┌─ RECORDS PROVIDED

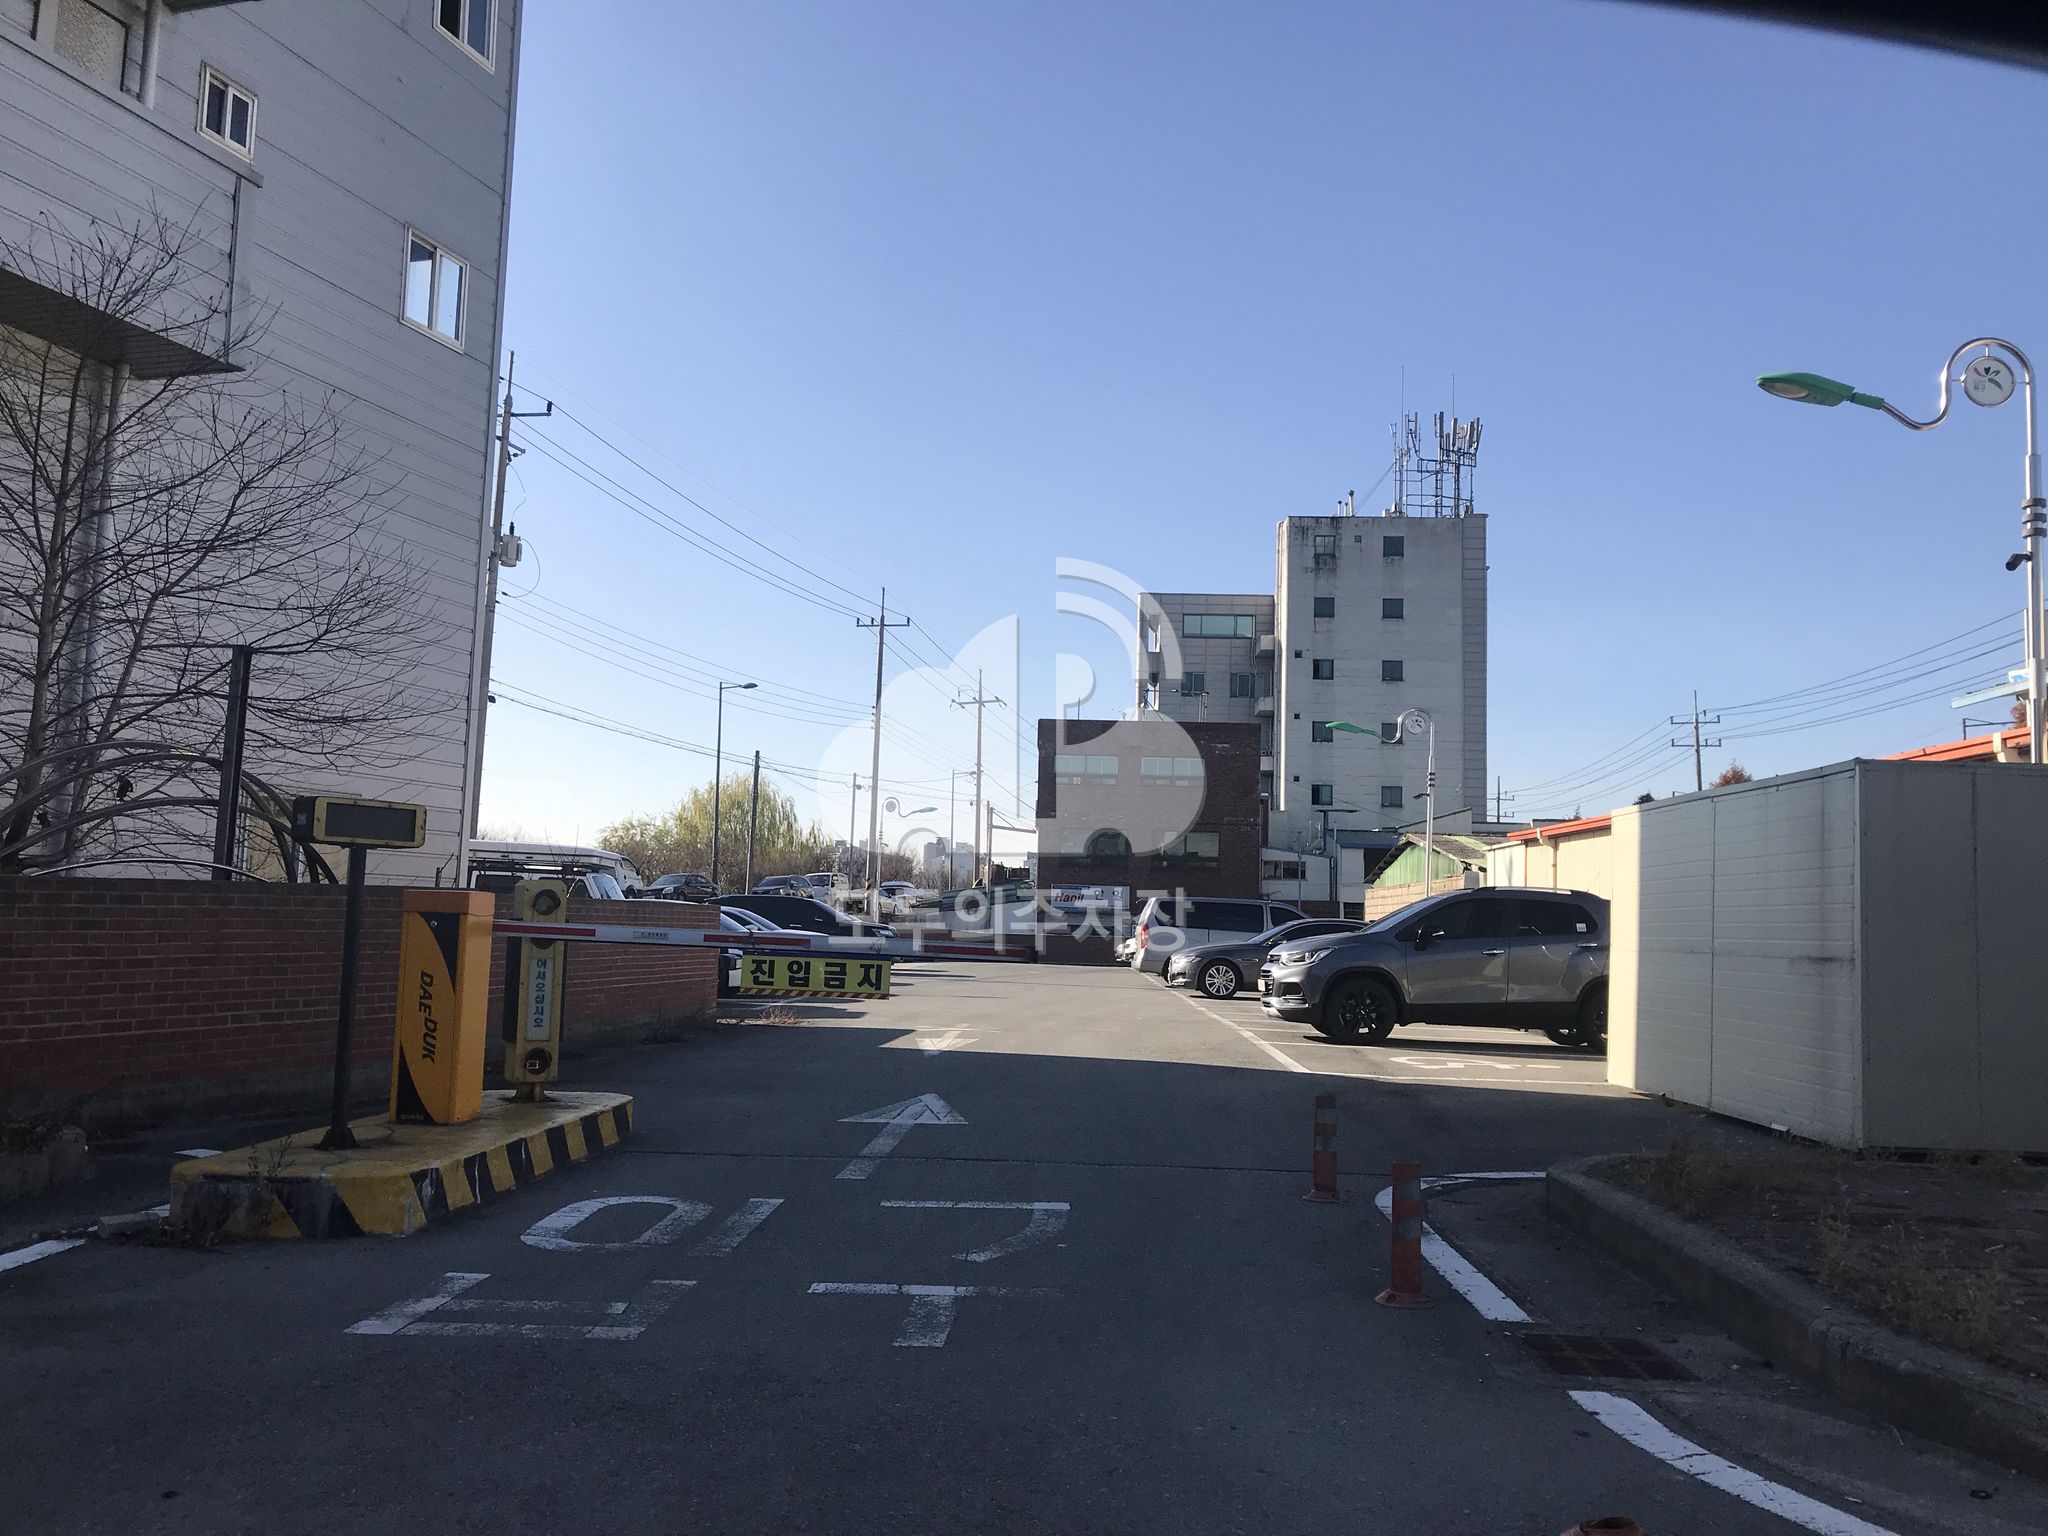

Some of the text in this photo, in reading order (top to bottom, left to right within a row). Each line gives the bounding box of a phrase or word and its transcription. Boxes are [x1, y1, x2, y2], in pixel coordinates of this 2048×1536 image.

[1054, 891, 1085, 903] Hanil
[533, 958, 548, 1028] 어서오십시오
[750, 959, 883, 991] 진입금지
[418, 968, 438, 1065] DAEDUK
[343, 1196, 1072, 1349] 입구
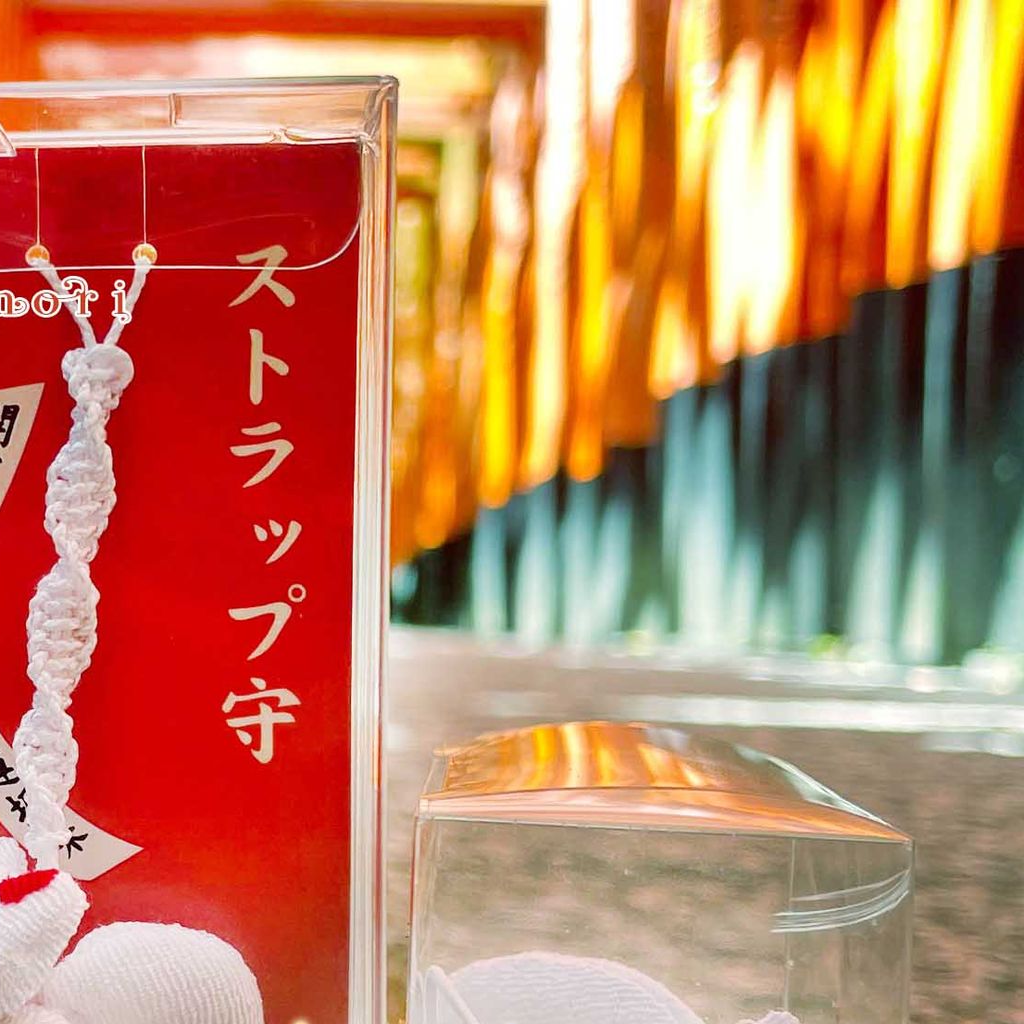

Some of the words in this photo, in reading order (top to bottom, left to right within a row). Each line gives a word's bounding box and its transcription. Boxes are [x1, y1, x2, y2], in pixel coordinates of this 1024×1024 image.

└─

PROBLEM TO SOLVE: Leaving out every picture, repeat the records above exactly as they stand.

TASK ANSWER:
Some of the text in this photo, in reading order (top to bottom, left to right within a row). Each line gives the bounding box of a phrase or word and its transcription. Boxes are [x1, y1, x2, y2], in pixel coordinates of this 2048×1536 image.

[1054, 891, 1085, 903] Hanil
[533, 958, 548, 1028] 어서오십시오
[750, 959, 883, 991] 진입금지
[418, 968, 438, 1065] DAEDUK
[343, 1196, 1072, 1349] 입구

Some of the words in this photo, in reading order (top to bottom, left to right within a row). Each line gives a word's bounding box and its transcription. Boxes are [x1, y1, x2, y2], in pixel coordinates of this 1024×1024 image.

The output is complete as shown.